In recent years, he has also departed from his solo career to tour and record with longtime compadre Vance Gilbert, and to indulge his deep respect for American folk icon Woody Guthrie. He appeared with the all-star Guthrie tribute tour, "Ribbon of Highway, Endless Skyway." For his Philo CD, "The Speed of Trees," he wrote a modern musical setting of Guthrie's unpublished lyric "God's Promise."
Nora Guthrie, Woody's daughter, invited Paul to to perform at a Woody Guthrie tribute show held in September 1996 at the Rock and Roll Hall of Fame in Cleveland, Ohio. The show was part of a 10-day celebration to honor Woody and also included performances by Bruce Springsteen, Ani DiFranco, Billy Bragg and others. In 1998, the quintessential Boston songwriter was also made an honorary citizen of Guthrie's birthplace, Okemah, Oklahoma, in recognition of all he has done to revive interest in the Dust Bowl troubadour.
This may surprise casual fans of Paul's urbane, literate and thoroughly modern folk-pop sound - but not those who knew him well. Among the first to single him out from the vast pack clamoring to rise from Boston's open mics in the early '90s was Bill Morrissey, even then considered the definitive New England ballad writer. He was so impressed, he produced Paul's first record, "Say Something," in 1993.
What did he see, so early in Paul's career? "He was always unique," Morrissey recalls. "He didn't write like anybody, didn't sing like anybody, didn't perform like anybody. So many of the songwriters then were trying to imitate whoever they thought was successful. Ellis was always himself; he didn't try to separate himself from his audiences. Perhaps it's because he's a Mainer; there's no pretense, and I think audiences sense that."
Paul is today regarded as such a classic urban songwriter that it's hard to fathom what a small-town boy he was. He grew up in northern Maine, in a potato farming community so remote that his exposure to music came almost entirely from the one top-40 station he could get on his radio, and his school band, where he played trumpet well enough to earn a summer scholarship to the Berklee College of Music.
He toured the country competing in track, catching a hard case of wanderlust, and earning a track scholarship to Boston College.
It was there that he discovered songwriting, completely out of boredom when a track-career-ending knee injury left him bedridden for months, and he began making up songs on a guitar a friend had given him. By 1989, he was haunting the open mic scene that would soon produce the most important generation of Boston folk stars since the early '60s, including Paul, Dar Williams, Vance Gilbert, Jonatha Brooke and Jennifer Kimball (then performing as The Story), Martin Sexton, Patty Griffin, and Catie Curtis.

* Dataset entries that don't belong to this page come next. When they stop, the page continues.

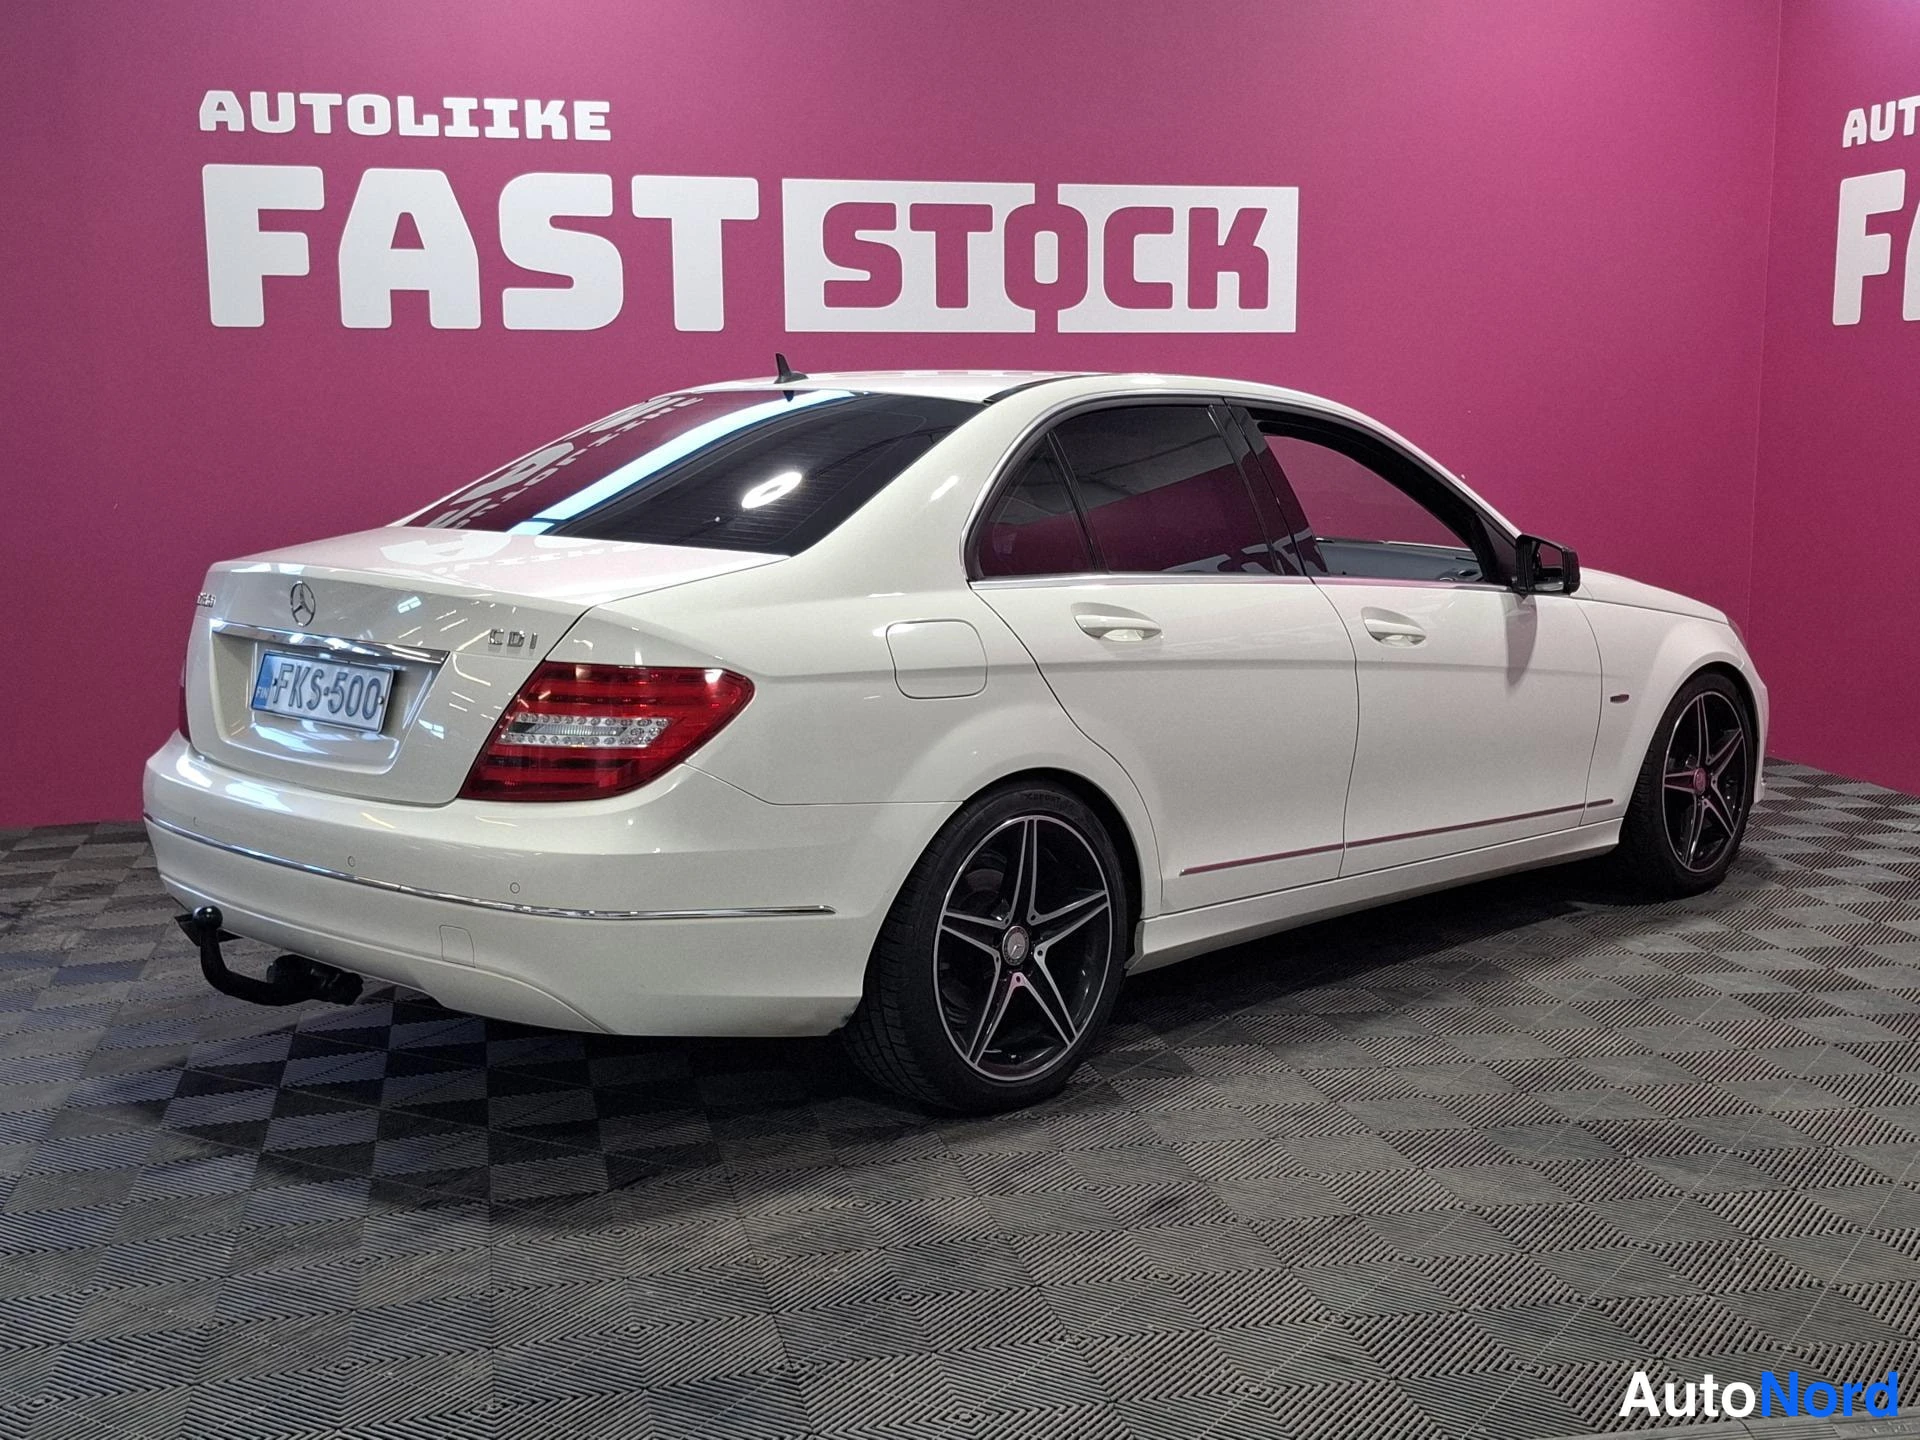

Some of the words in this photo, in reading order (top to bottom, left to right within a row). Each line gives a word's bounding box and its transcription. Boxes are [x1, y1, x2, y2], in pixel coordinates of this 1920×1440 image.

[199, 90, 611, 141] AUTOLIIKE
[202, 164, 759, 331] FAST
[823, 201, 1269, 310] STOCK
[1832, 169, 1920, 326] F
[488, 627, 538, 650] CDI
[273, 662, 382, 720] FKS-500

Almost immediately, Paul's infectious melodicism, literate lyrics, and honest performing style drew attention. As early as 1993, the Boston Globe was calling him a songwriter's songwriter, adding that "no emerging songwriter in recent memory has been more highly touted and respected by songwriters."
While his style was highly introspective at that time, it was also informed by a probing humanism shaped in part by the five years he spent as a social worker. Every day, he struggled to help poor urban kids hovering dangerously on the edges of the criminal justice and welfare systems.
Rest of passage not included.